Entries taken from a collection

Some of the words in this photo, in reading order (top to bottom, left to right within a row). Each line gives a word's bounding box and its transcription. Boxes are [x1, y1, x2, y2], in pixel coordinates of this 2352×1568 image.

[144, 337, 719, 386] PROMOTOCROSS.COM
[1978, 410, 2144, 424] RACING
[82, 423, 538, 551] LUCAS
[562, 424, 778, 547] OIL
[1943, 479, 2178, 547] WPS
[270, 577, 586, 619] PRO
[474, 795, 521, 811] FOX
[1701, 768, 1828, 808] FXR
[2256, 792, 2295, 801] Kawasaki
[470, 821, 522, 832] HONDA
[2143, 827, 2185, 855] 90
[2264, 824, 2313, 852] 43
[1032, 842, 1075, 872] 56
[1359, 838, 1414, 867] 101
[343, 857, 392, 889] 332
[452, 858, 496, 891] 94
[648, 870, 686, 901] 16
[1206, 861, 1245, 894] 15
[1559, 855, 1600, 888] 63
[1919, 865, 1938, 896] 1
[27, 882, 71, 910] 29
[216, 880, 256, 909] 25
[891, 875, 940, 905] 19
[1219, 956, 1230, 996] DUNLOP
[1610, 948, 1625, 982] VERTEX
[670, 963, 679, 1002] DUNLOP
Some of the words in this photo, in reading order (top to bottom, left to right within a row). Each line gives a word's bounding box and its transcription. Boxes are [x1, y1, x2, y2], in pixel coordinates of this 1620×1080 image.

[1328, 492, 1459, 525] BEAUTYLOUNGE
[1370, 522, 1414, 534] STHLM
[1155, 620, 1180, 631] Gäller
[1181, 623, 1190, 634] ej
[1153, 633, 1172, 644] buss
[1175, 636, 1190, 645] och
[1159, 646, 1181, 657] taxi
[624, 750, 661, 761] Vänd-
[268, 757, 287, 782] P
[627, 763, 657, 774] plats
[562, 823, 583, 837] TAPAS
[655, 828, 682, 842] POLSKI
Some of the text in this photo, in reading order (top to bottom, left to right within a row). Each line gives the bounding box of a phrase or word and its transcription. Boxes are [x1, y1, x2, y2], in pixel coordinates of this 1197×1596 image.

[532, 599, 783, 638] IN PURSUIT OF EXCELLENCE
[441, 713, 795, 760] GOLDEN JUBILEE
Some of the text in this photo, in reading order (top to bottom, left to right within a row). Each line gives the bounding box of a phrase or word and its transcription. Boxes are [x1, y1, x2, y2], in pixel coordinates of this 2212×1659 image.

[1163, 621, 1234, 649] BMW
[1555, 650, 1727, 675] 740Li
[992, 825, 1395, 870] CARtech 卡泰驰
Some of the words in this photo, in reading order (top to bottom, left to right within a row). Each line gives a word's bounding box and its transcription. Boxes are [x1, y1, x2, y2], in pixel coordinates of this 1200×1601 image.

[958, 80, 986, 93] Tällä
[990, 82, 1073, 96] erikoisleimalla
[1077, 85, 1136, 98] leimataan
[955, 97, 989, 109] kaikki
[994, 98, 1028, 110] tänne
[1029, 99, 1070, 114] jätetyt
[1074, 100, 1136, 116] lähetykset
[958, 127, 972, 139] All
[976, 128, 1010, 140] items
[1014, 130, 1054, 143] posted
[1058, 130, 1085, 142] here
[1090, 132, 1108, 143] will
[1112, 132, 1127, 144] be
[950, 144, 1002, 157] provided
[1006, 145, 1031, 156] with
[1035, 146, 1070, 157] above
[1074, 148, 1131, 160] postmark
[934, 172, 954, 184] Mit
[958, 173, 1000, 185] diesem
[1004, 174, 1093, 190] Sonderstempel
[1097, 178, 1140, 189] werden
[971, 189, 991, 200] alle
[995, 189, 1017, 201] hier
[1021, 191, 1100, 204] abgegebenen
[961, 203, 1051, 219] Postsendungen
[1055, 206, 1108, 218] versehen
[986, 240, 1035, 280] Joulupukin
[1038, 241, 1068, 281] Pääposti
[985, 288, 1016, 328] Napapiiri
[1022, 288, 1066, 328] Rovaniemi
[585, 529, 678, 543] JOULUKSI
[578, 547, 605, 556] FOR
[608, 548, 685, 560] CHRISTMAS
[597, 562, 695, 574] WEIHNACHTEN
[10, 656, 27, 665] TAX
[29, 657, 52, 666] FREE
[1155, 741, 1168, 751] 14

WHAT IS EXPECTED
Take the entries above and transcribe them exactly as they stand.

RESULT OF THIS EXERCISE
Some of the words in this photo, in reading order (top to bottom, left to right within a row). Each line gives a word's bounding box and its transcription. Boxes are [x1, y1, x2, y2], in pixel coordinates of this 2352×1568 image.

[144, 337, 719, 386] PROMOTOCROSS.COM
[1978, 410, 2144, 424] RACING
[82, 423, 538, 551] LUCAS
[562, 424, 778, 547] OIL
[1943, 479, 2178, 547] WPS
[270, 577, 586, 619] PRO
[474, 795, 521, 811] FOX
[1701, 768, 1828, 808] FXR
[2256, 792, 2295, 801] Kawasaki
[470, 821, 522, 832] HONDA
[2143, 827, 2185, 855] 90
[2264, 824, 2313, 852] 43
[1032, 842, 1075, 872] 56
[1359, 838, 1414, 867] 101
[343, 857, 392, 889] 332
[452, 858, 496, 891] 94
[648, 870, 686, 901] 16
[1206, 861, 1245, 894] 15
[1559, 855, 1600, 888] 63
[1919, 865, 1938, 896] 1
[27, 882, 71, 910] 29
[216, 880, 256, 909] 25
[891, 875, 940, 905] 19
[1219, 956, 1230, 996] DUNLOP
[1610, 948, 1625, 982] VERTEX
[670, 963, 679, 1002] DUNLOP
Some of the words in this photo, in reading order (top to bottom, left to right within a row). Each line gives a word's bounding box and its transcription. Boxes are [x1, y1, x2, y2], in pixel coordinates of this 1620×1080 image.

[1328, 492, 1459, 525] BEAUTYLOUNGE
[1370, 522, 1414, 534] STHLM
[1155, 620, 1180, 631] Gäller
[1181, 623, 1190, 634] ej
[1153, 633, 1172, 644] buss
[1175, 636, 1190, 645] och
[1159, 646, 1181, 657] taxi
[624, 750, 661, 761] Vänd-
[268, 757, 287, 782] P
[627, 763, 657, 774] plats
[562, 823, 583, 837] TAPAS
[655, 828, 682, 842] POLSKI
Some of the text in this photo, in reading order (top to bottom, left to right within a row). Each line gives the bounding box of a phrase or word and its transcription. Boxes are [x1, y1, x2, y2], in pixel coordinates of this 1197×1596 image.

[532, 599, 783, 638] IN PURSUIT OF EXCELLENCE
[441, 713, 795, 760] GOLDEN JUBILEE
Some of the text in this photo, in reading order (top to bottom, left to right within a row). Each line gives the bounding box of a phrase or word and its transcription. Boxes are [x1, y1, x2, y2], in pixel coordinates of this 2212×1659 image.

[1163, 621, 1234, 649] BMW
[1555, 650, 1727, 675] 740Li
[992, 825, 1395, 870] CARtech 卡泰驰
Some of the words in this photo, in reading order (top to bottom, left to right within a row). Each line gives a word's bounding box and its transcription. Boxes are [x1, y1, x2, y2], in pixel coordinates of this 1200×1601 image.

[958, 80, 986, 93] Tällä
[990, 82, 1073, 96] erikoisleimalla
[1077, 85, 1136, 98] leimataan
[955, 97, 989, 109] kaikki
[994, 98, 1028, 110] tänne
[1029, 99, 1070, 114] jätetyt
[1074, 100, 1136, 116] lähetykset
[958, 127, 972, 139] All
[976, 128, 1010, 140] items
[1014, 130, 1054, 143] posted
[1058, 130, 1085, 142] here
[1090, 132, 1108, 143] will
[1112, 132, 1127, 144] be
[950, 144, 1002, 157] provided
[1006, 145, 1031, 156] with
[1035, 146, 1070, 157] above
[1074, 148, 1131, 160] postmark
[934, 172, 954, 184] Mit
[958, 173, 1000, 185] diesem
[1004, 174, 1093, 190] Sonderstempel
[1097, 178, 1140, 189] werden
[971, 189, 991, 200] alle
[995, 189, 1017, 201] hier
[1021, 191, 1100, 204] abgegebenen
[961, 203, 1051, 219] Postsendungen
[1055, 206, 1108, 218] versehen
[986, 240, 1035, 280] Joulupukin
[1038, 241, 1068, 281] Pääposti
[985, 288, 1016, 328] Napapiiri
[1022, 288, 1066, 328] Rovaniemi
[585, 529, 678, 543] JOULUKSI
[578, 547, 605, 556] FOR
[608, 548, 685, 560] CHRISTMAS
[597, 562, 695, 574] WEIHNACHTEN
[10, 656, 27, 665] TAX
[29, 657, 52, 666] FREE
[1155, 741, 1168, 751] 14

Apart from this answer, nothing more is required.